Around 1900 the combined urban transport network of Hamburg, Altona and Wandsbek was the largest of its kind in the world. The various lines were served by four different tram operators and there was no unified timetable. It took until 1923 for the two then surviving operators, Hamburg-Altonaer Centralbahn-Gesellschaft and Hamburger Hochbahn AG, to coordinate their timetables.

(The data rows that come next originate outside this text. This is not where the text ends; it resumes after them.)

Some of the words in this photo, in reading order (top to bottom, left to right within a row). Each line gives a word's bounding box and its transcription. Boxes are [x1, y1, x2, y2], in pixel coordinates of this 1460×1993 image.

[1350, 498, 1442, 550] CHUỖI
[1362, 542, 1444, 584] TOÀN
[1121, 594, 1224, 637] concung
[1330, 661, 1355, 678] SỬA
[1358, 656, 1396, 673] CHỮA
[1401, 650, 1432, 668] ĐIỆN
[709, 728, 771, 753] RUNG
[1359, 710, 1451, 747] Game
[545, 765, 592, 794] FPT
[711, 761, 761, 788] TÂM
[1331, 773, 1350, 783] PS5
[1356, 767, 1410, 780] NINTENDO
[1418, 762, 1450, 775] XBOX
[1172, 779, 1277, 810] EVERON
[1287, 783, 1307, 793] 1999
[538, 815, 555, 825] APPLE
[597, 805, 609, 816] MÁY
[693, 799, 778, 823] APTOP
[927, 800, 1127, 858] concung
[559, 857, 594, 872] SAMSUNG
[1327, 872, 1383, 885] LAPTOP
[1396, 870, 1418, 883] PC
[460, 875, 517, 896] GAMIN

The lines were numbered for the first time in June 1900. Five tram lines ran through Königstrasse in 1909; by 1927 this number had risen to eleven. In 1911, seven lines stopped in Poststrasse. At one point in time, the entire Hamburg area was served by 40 electric tram lines. The lost and found office and a season ticket sales office of Strassen-Eisenbahn-Gesellschaft were centrally located in Kaisergalerie.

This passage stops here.